再看一眼,慢思细想:提升视觉-语言模型中的视觉反思能力
Look Again, Think Slowly: Enhancing Visual Reflection in Vision-Language Models
September 15, 2025
作者: Pu Jian, Junhong Wu, Wei Sun, Chen Wang, Shuo Ren, Jiajun Zhang
cs.AI
摘要
近期,纯文本“慢思考”推理技术的突破推动了将其能力迁移至视觉-语言模型(VLMs)的努力,旨在训练视觉推理模型(VRMs)。然而,这一迁移面临关键挑战:VRMs中有效的“慢思考”需要视觉反思能力,即基于视觉信息核查推理过程的能力。通过定量分析,我们发现当前VRMs的视觉反思能力有限,其对于视觉信息的关注度随着生成回答长度的增加而迅速减弱。为应对这一挑战,我们提出了一种新型VRM——Reflection-V,它通过构建推理数据以支持冷启动学习,并结合强化学习(RL)的奖励设计,增强了视觉反思能力。首先,我们利用一个在VLMs与推理LLMs之间交互的代理,构建了以视觉为中心的推理数据,从而实现了视觉反思模式的冷启动学习。其次,在RL过程中采用基于视觉注意力的奖励模型,鼓励基于视觉信息的推理。因此,Reflection-V在多项视觉推理基准测试中展现了显著提升。
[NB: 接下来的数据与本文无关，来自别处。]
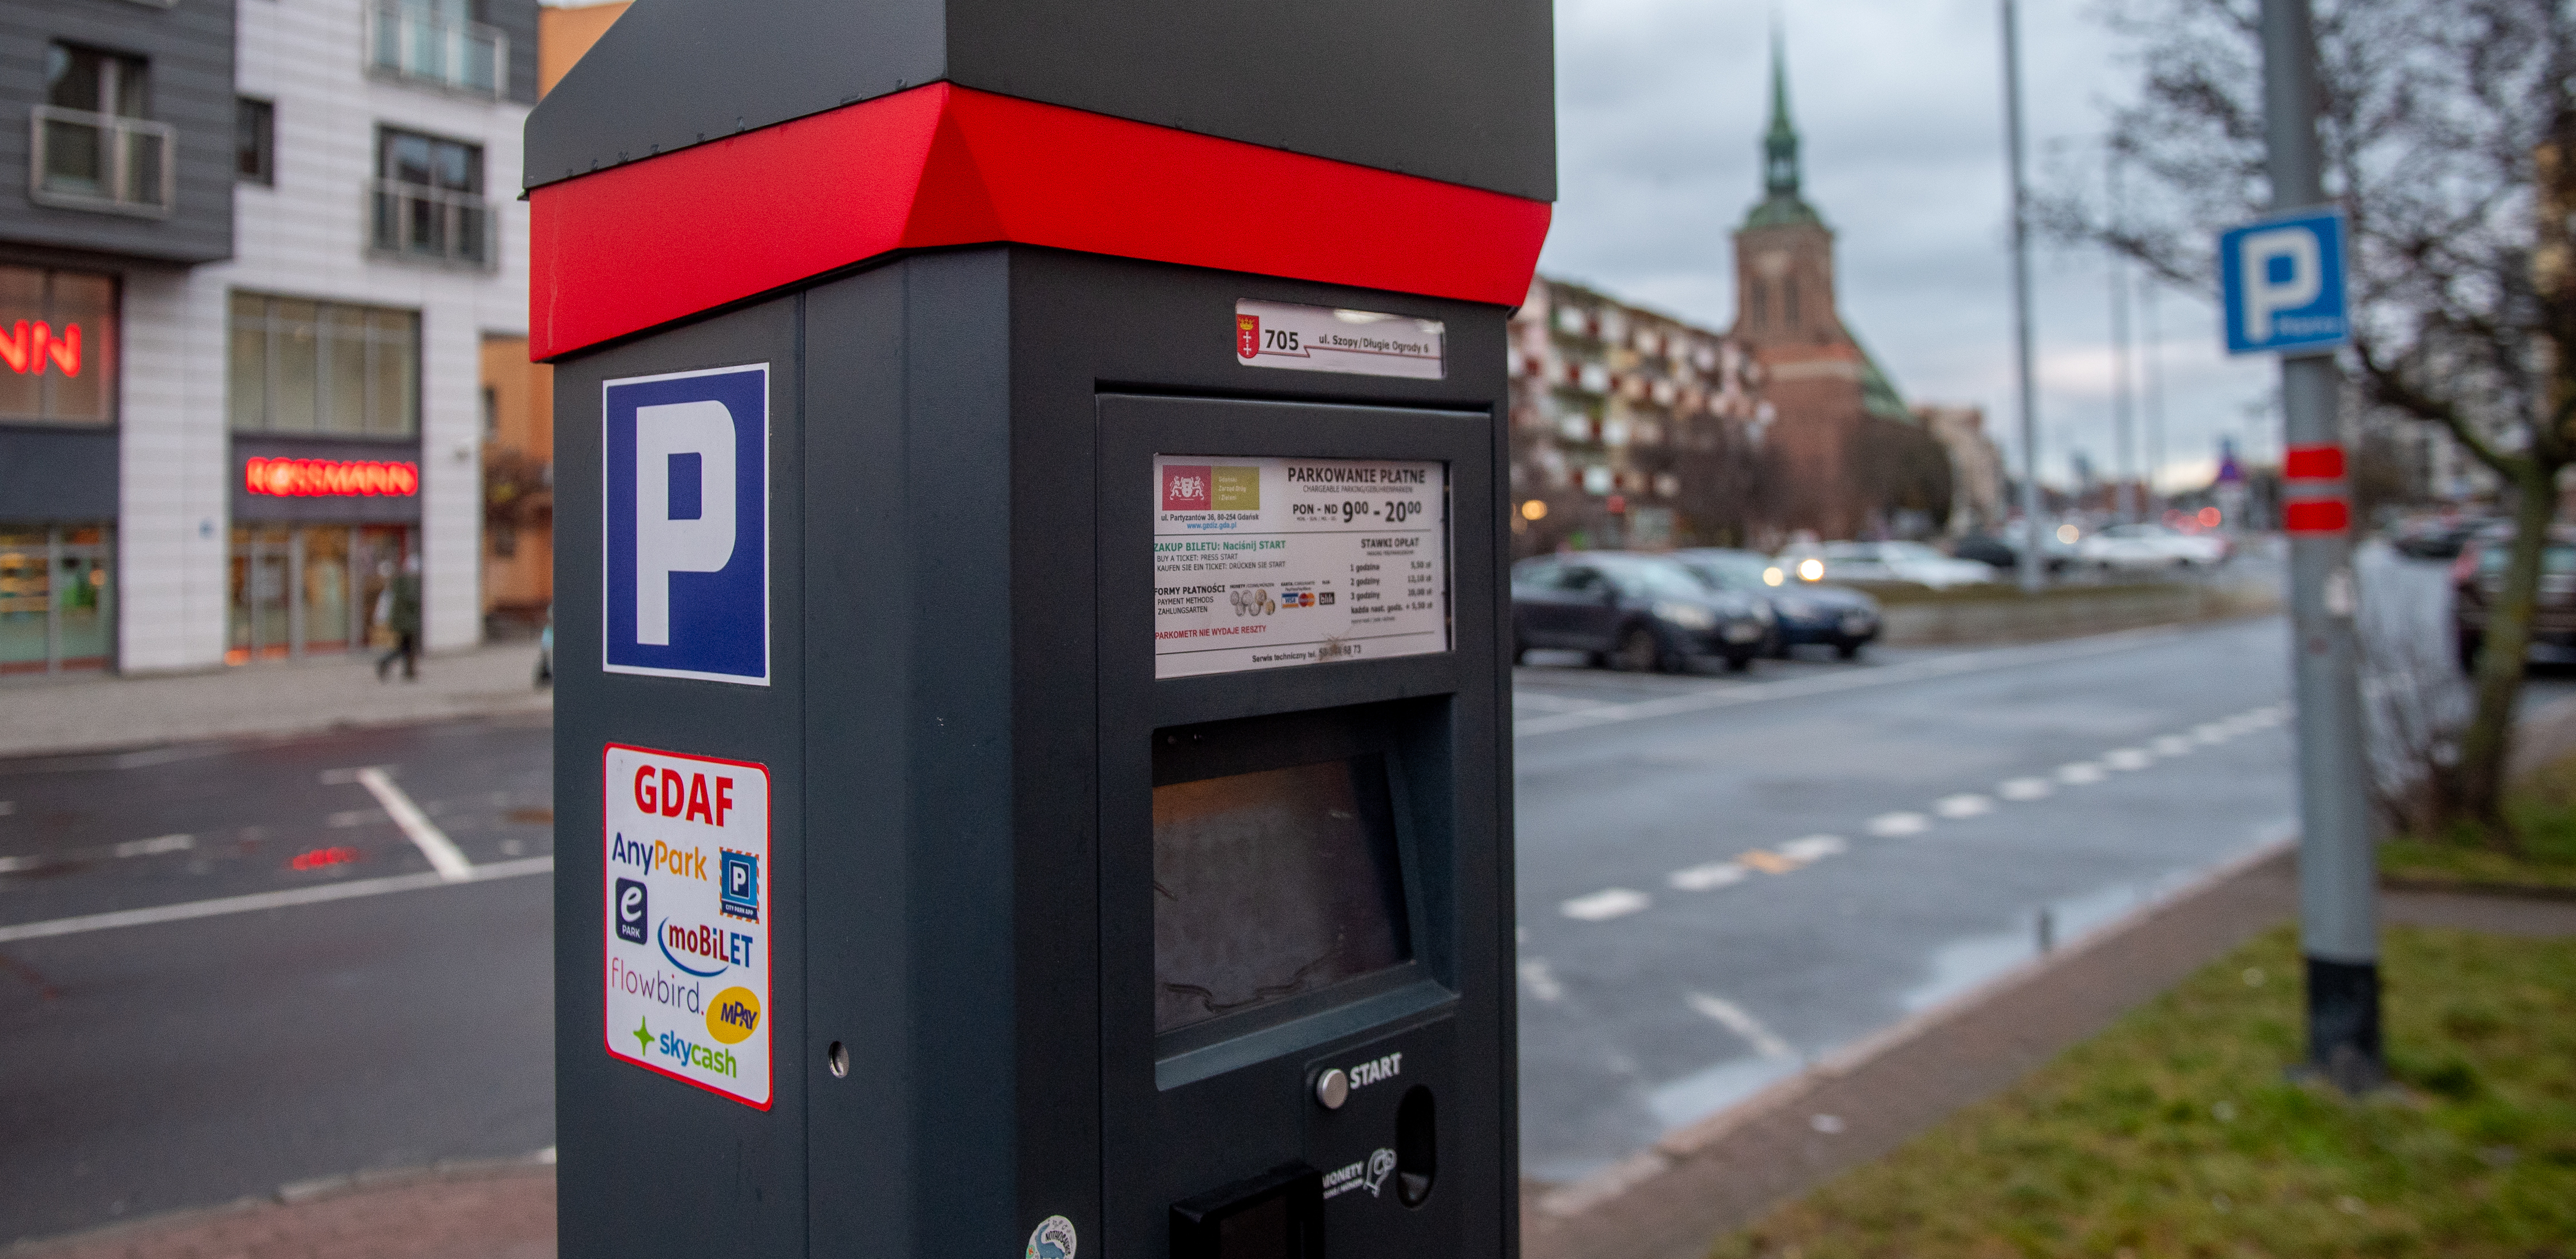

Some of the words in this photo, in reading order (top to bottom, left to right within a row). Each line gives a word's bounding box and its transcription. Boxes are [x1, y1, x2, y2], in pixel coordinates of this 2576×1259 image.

此外,Reflection-V在视觉推理过程中对视觉信息的依赖更强且更一致,表明其视觉反思能力得到了有效增强。
English
Recent advances in text-only "slow-thinking" reasoning have prompted efforts
to transfer this capability to vision-language models (VLMs), for training
visual reasoning models (VRMs). owever, such transfer faces critical
challenges: Effective "slow thinking" in VRMs requires visual
reflection, the ability to check the reasoning process based on visual
information. Through quantitative analysis, we observe that current VRMs
exhibit limited visual reflection, as their attention to visual information
diminishes rapidly with longer generated responses. To address this challenge,
we propose a new VRM Reflection-V, which enhances visual reflection
based on reasoning data construction for cold-start and reward design for
reinforcement learning (RL). Firstly, we construct vision-centered reasoning
data by leveraging an agent that interacts between VLMs and reasoning LLMs,
enabling cold-start learning of visual reflection patterns. Secondly, a visual
attention based reward model is employed during RL to encourage reasoning based
on visual information. Therefore, Reflection-V demonstrates
significant improvements across multiple visual reasoning benchmarks.
Furthermore, Reflection-V maintains a stronger and more consistent
reliance on visual information during visual reasoning, indicating effective
enhancement in visual reflection capabilities.